I have an 11-year old who suffers from the same affliction as myself when it comes to upkeep. So when he does a half-assed job cleaning up a mess or organizing his room, we both stare at the abomination and shrug it off as complete.
I also have a 17-year old who is a charter subscriber with Squalor Digest and far too busy with school, track, and work to rely on for picking up some of the slack.
In turn, I’ve hired professionals. Our job is to keep the house clean enough to where social services wouldn’t remove the children if they visited, and JD Cleaners will come in twice a week to napalm the place and make it smell as good as they make it look.
While Heather’s mother’s condition is only one fragment of the stresses we’re under right now, it’s by far the biggest and the most important. Right now, we’re all in family mode. And while it’s resulted in a full blown all-out crisis, we both realize that this too shall pass.

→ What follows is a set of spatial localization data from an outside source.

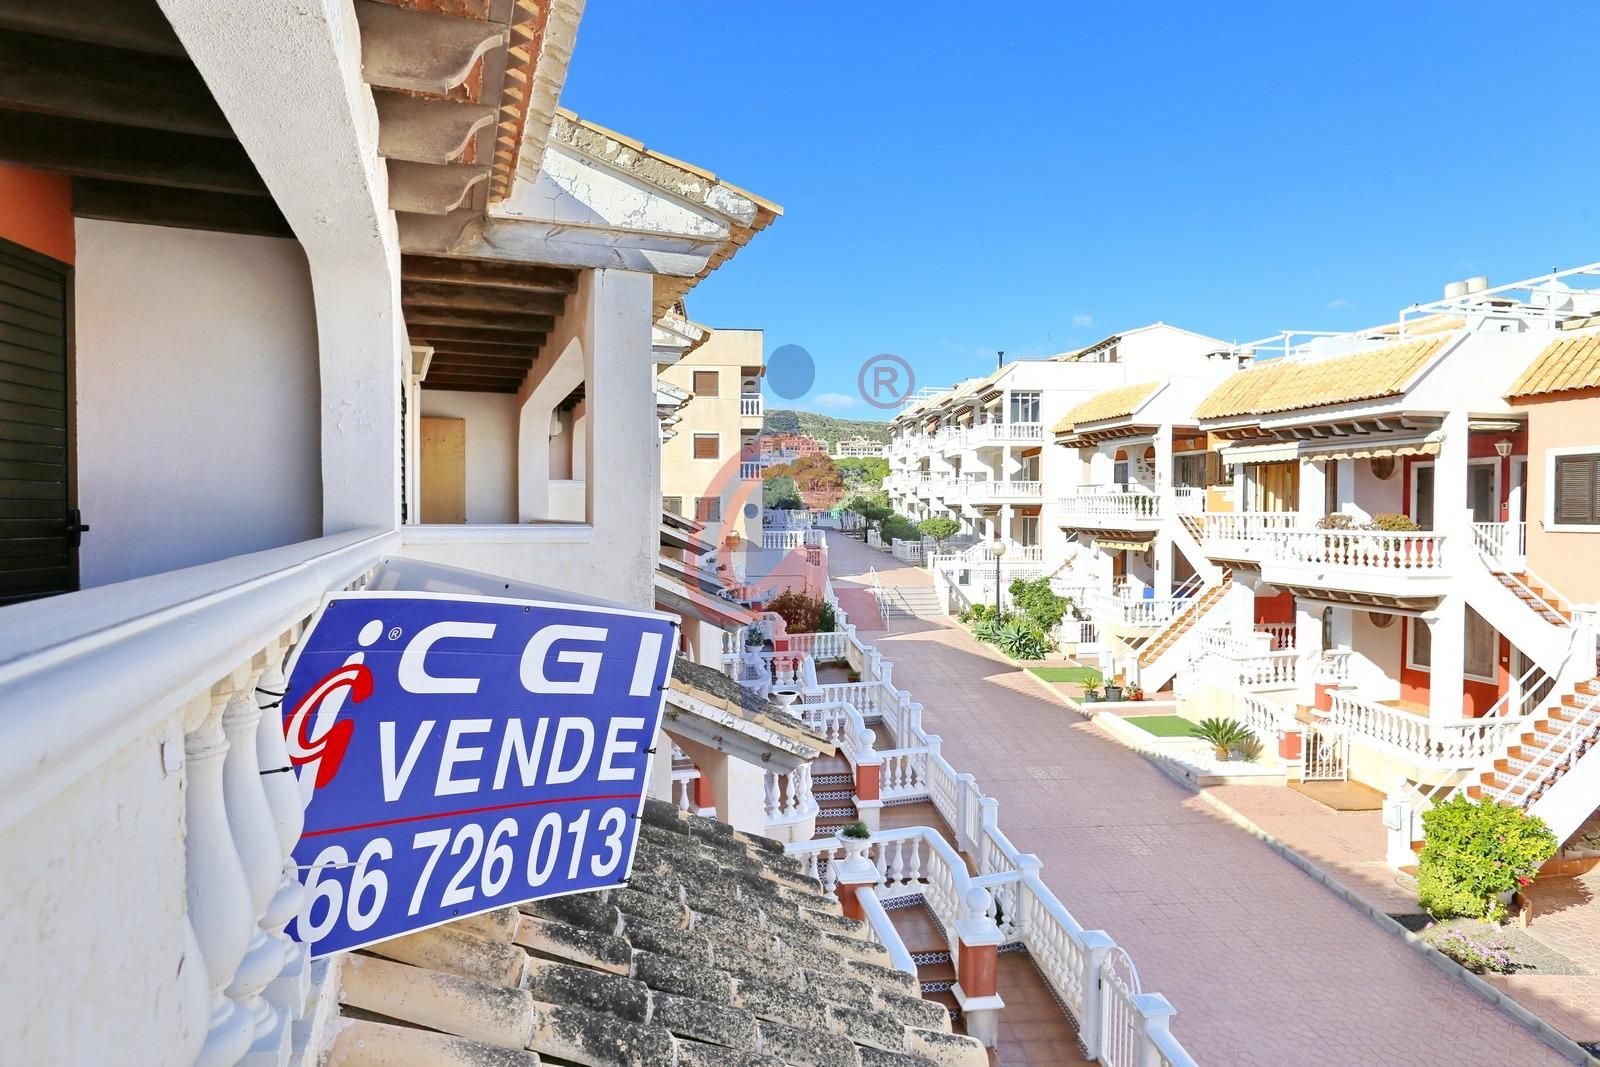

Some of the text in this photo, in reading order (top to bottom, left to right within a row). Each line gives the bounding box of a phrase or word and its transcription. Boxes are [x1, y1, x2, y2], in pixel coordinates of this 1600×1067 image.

[398, 621, 664, 697] CGI
[379, 717, 645, 803] VENDE
[291, 806, 627, 944] 66 726 013
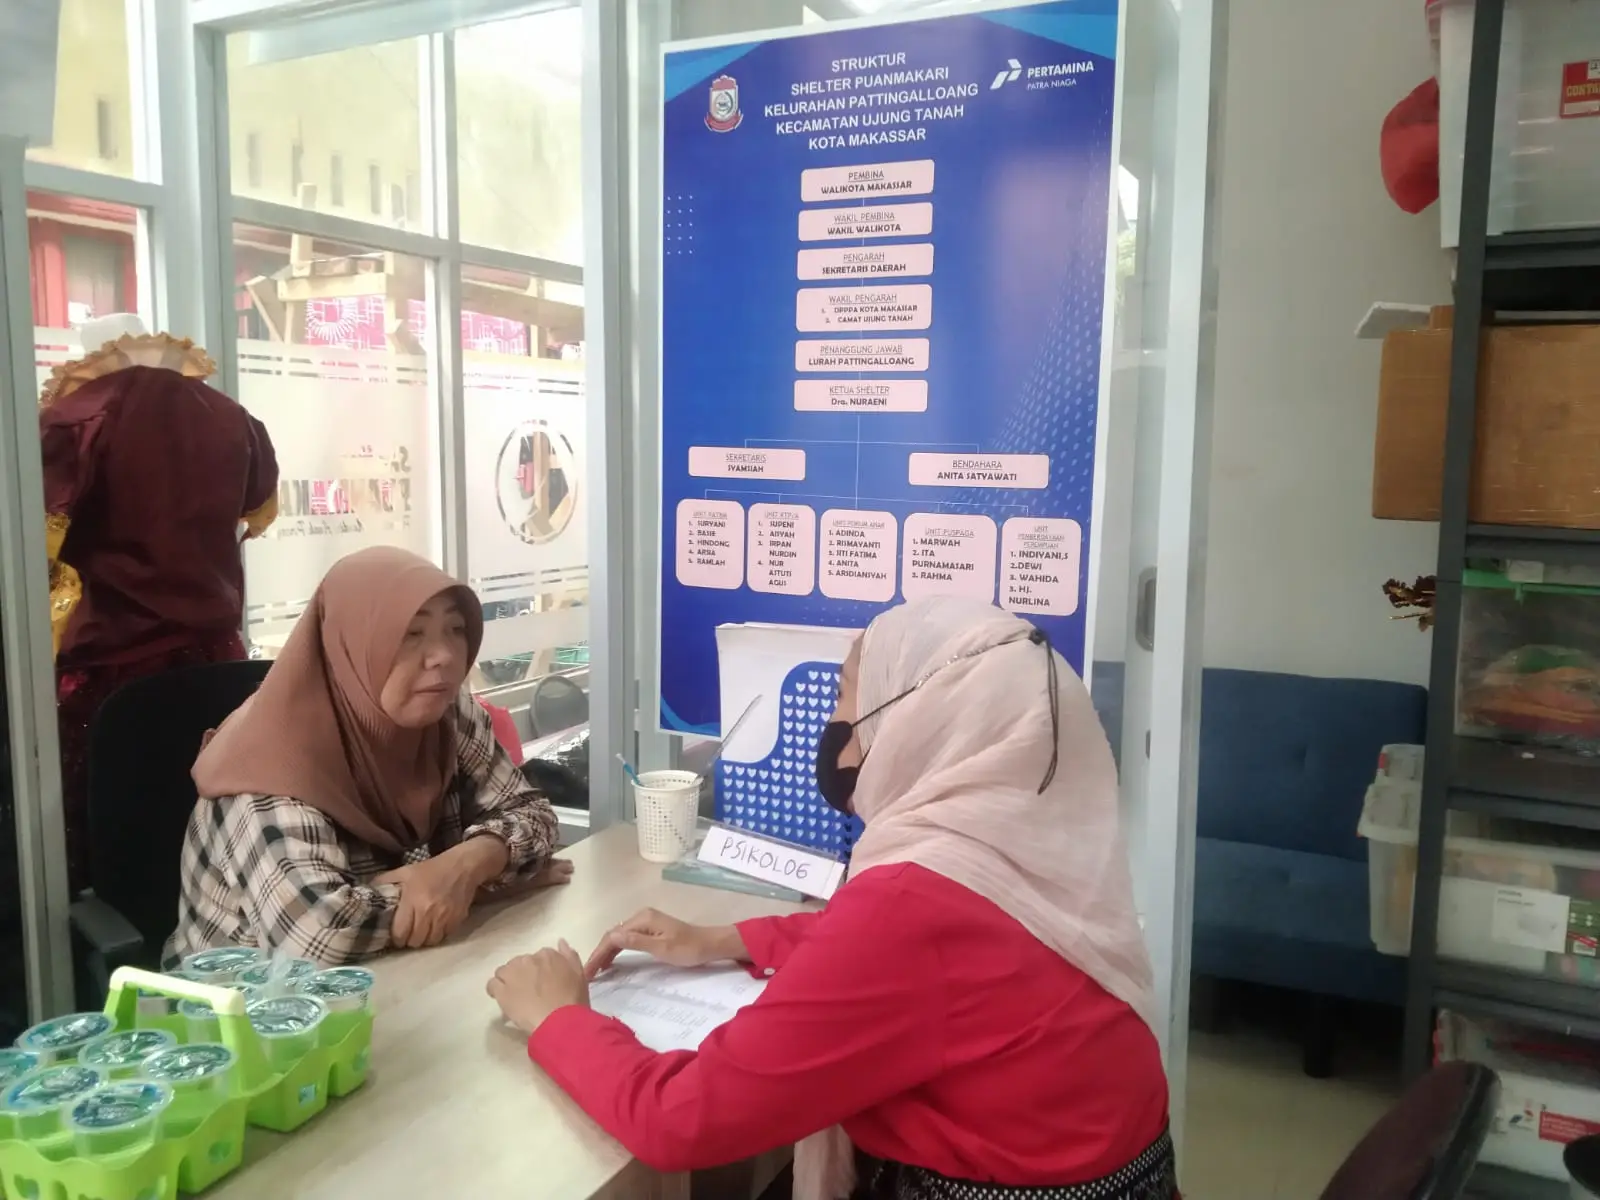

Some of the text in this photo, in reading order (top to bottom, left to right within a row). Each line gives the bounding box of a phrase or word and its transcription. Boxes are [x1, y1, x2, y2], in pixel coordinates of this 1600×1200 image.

[832, 52, 906, 73] STRUKTUR
[1028, 60, 1094, 78] PERTAMINA
[791, 66, 949, 96] SHELTER PUANMAKARI
[1028, 78, 1077, 90] PATRA NIAGA
[765, 83, 978, 117] KELURAHAN PATTINGALLOANG
[776, 104, 964, 135] KECAMATAN UJUNG TANAH
[809, 128, 926, 150] KOTA MAKASSAR
[848, 170, 885, 181] PEMBINA
[821, 181, 912, 194] WALIKOTA MAKASSAR
[834, 212, 895, 224] WAKIL PEMBINA
[828, 224, 902, 236] WAKIL WALIKOTA
[844, 252, 885, 262] PENGARAH
[822, 264, 906, 275] SEKRETARIS DAERAH
[828, 293, 897, 304] WAKIL PENGARAH
[808, 357, 915, 366] LURAH PATTINGALLOANG
[829, 386, 890, 395] KETUA SHELTER
[850, 398, 887, 406] NURAENI
[952, 460, 1002, 470] BENDAHARA
[938, 472, 1017, 480] ANITA SATYAWATI
[697, 520, 726, 528] SURYANI
[836, 530, 866, 538] ADINDA
[697, 540, 730, 548] HINDONG
[920, 538, 960, 547] MARWAH
[769, 550, 797, 558] NURDIN
[849, 550, 877, 558] FATIMA
[696, 558, 726, 567] RAMLAH
[836, 560, 859, 568] ANITA
[912, 560, 974, 571] PURNAMASARI
[920, 572, 952, 581] RAHMA
[1018, 574, 1059, 583] WAHIDA
[1008, 596, 1050, 607] NURLINA
[720, 836, 811, 880] PSIKOLOG

In the end, we’ll be stronger. While I don’t think I could love her any more than I already do, I know it’ll make the good times all the more sweeter when they arrive. When it’s our turn to exhale, our turn to catch a break, and our turn to do for ourselves, we’re going to embrace every minute of it.
I have no idea when this will be, but when that day does arrive? Lord knows we’ll have earned it.
In good times and in bad. In sickness and in health. ‘Til death do us part. I stand firmly behind everything I promised that day and I hope she realizes who much I love her.
Heather, I love you. I miss you. I’m thinking about you.